» Your assignment
Every record is to be transcribed exactly as written.

» Data extract
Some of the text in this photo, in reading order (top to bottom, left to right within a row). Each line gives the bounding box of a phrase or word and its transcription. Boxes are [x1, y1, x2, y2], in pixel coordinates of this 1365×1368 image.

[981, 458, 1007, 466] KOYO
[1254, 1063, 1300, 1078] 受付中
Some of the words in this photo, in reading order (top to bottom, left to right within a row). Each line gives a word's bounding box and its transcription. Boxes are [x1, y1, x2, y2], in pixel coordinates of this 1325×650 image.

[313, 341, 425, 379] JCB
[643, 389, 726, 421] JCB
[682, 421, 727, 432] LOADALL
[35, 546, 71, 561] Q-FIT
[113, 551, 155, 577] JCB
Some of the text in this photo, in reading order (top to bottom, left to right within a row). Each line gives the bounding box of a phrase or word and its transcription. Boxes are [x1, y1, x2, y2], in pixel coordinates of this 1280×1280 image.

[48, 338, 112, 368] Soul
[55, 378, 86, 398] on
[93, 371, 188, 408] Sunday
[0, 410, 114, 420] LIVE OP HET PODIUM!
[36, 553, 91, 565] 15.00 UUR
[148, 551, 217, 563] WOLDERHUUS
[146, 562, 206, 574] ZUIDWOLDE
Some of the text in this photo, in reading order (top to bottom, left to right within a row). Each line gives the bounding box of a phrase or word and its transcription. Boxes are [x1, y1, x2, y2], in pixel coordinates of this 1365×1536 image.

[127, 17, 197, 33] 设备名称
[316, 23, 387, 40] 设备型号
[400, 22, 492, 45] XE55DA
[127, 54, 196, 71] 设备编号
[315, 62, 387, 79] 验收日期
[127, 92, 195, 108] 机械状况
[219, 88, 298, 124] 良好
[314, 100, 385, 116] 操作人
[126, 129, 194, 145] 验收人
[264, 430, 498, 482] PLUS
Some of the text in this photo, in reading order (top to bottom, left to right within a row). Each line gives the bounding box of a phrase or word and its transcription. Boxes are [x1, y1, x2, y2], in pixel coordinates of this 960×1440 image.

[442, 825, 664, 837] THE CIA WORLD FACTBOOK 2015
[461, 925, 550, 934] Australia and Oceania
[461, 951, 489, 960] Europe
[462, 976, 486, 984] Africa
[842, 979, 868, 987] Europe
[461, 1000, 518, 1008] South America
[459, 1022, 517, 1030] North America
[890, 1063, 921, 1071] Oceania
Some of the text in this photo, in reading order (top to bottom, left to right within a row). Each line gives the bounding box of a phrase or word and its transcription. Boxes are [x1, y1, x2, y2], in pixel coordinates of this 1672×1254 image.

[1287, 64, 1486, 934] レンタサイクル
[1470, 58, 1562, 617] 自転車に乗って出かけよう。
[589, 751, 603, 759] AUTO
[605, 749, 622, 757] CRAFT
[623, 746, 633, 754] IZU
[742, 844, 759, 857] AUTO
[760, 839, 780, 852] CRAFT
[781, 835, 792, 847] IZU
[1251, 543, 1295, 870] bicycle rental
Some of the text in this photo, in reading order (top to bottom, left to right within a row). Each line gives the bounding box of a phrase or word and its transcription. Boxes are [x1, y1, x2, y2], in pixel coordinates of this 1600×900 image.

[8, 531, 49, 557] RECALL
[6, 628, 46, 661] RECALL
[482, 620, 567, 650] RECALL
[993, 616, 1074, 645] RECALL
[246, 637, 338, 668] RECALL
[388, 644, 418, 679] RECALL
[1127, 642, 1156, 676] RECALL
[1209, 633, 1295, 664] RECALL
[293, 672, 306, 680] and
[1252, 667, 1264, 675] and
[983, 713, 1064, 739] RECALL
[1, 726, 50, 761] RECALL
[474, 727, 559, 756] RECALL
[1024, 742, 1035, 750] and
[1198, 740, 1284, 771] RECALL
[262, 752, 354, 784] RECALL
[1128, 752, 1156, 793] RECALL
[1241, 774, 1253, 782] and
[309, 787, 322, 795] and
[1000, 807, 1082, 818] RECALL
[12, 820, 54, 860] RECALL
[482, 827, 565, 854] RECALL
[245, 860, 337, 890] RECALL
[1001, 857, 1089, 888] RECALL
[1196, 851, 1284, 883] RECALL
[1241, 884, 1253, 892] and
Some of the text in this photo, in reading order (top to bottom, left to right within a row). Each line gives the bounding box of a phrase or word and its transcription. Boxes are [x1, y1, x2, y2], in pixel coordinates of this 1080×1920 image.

» Answer to this exercise
Some of the text in this photo, in reading order (top to bottom, left to right within a row). Each line gives the bounding box of a phrase or word and its transcription. Boxes are [x1, y1, x2, y2], in pixel coordinates of this 1365×1368 image.

[981, 458, 1007, 466] KOYO
[1254, 1063, 1300, 1078] 受付中
Some of the words in this photo, in reading order (top to bottom, left to right within a row). Each line gives a word's bounding box and its transcription. Boxes are [x1, y1, x2, y2], in pixel coordinates of this 1325×650 image.

[313, 341, 425, 379] JCB
[643, 389, 726, 421] JCB
[682, 421, 727, 432] LOADALL
[35, 546, 71, 561] Q-FIT
[113, 551, 155, 577] JCB
Some of the text in this photo, in reading order (top to bottom, left to right within a row). Each line gives the bounding box of a phrase or word and its transcription. Boxes are [x1, y1, x2, y2], in pixel coordinates of this 1280×1280 image.

[48, 338, 112, 368] Soul
[55, 378, 86, 398] on
[93, 371, 188, 408] Sunday
[0, 410, 114, 420] LIVE OP HET PODIUM!
[36, 553, 91, 565] 15.00 UUR
[148, 551, 217, 563] WOLDERHUUS
[146, 562, 206, 574] ZUIDWOLDE
Some of the text in this photo, in reading order (top to bottom, left to right within a row). Each line gives the bounding box of a phrase or word and its transcription. Boxes are [x1, y1, x2, y2], in pixel coordinates of this 1365×1536 image.

[127, 17, 197, 33] 设备名称
[316, 23, 387, 40] 设备型号
[400, 22, 492, 45] XE55DA
[127, 54, 196, 71] 设备编号
[315, 62, 387, 79] 验收日期
[127, 92, 195, 108] 机械状况
[219, 88, 298, 124] 良好
[314, 100, 385, 116] 操作人
[126, 129, 194, 145] 验收人
[264, 430, 498, 482] PLUS
Some of the text in this photo, in reading order (top to bottom, left to right within a row). Each line gives the bounding box of a phrase or word and its transcription. Boxes are [x1, y1, x2, y2], in pixel coordinates of this 960×1440 image.

[442, 825, 664, 837] THE CIA WORLD FACTBOOK 2015
[461, 925, 550, 934] Australia and Oceania
[461, 951, 489, 960] Europe
[462, 976, 486, 984] Africa
[842, 979, 868, 987] Europe
[461, 1000, 518, 1008] South America
[459, 1022, 517, 1030] North America
[890, 1063, 921, 1071] Oceania
Some of the text in this photo, in reading order (top to bottom, left to right within a row). Each line gives the bounding box of a phrase or word and its transcription. Boxes are [x1, y1, x2, y2], in pixel coordinates of this 1672×1254 image.

[1287, 64, 1486, 934] レンタサイクル
[1470, 58, 1562, 617] 自転車に乗って出かけよう。
[589, 751, 603, 759] AUTO
[605, 749, 622, 757] CRAFT
[623, 746, 633, 754] IZU
[742, 844, 759, 857] AUTO
[760, 839, 780, 852] CRAFT
[781, 835, 792, 847] IZU
[1251, 543, 1295, 870] bicycle rental
Some of the text in this photo, in reading order (top to bottom, left to right within a row). Each line gives the bounding box of a phrase or word and its transcription. Boxes are [x1, y1, x2, y2], in pixel coordinates of this 1600×900 image.

[8, 531, 49, 557] RECALL
[6, 628, 46, 661] RECALL
[482, 620, 567, 650] RECALL
[993, 616, 1074, 645] RECALL
[246, 637, 338, 668] RECALL
[388, 644, 418, 679] RECALL
[1127, 642, 1156, 676] RECALL
[1209, 633, 1295, 664] RECALL
[293, 672, 306, 680] and
[1252, 667, 1264, 675] and
[983, 713, 1064, 739] RECALL
[1, 726, 50, 761] RECALL
[474, 727, 559, 756] RECALL
[1024, 742, 1035, 750] and
[1198, 740, 1284, 771] RECALL
[262, 752, 354, 784] RECALL
[1128, 752, 1156, 793] RECALL
[1241, 774, 1253, 782] and
[309, 787, 322, 795] and
[1000, 807, 1082, 818] RECALL
[12, 820, 54, 860] RECALL
[482, 827, 565, 854] RECALL
[245, 860, 337, 890] RECALL
[1001, 857, 1089, 888] RECALL
[1196, 851, 1284, 883] RECALL
[1241, 884, 1253, 892] and
Some of the text in this photo, in reading order (top to bottom, left to right within a row). Each line gives the bounding box of a phrase or word and its transcription. Boxes are [x1, y1, x2, y2], in pixel coordinates of this 1080×1920 image.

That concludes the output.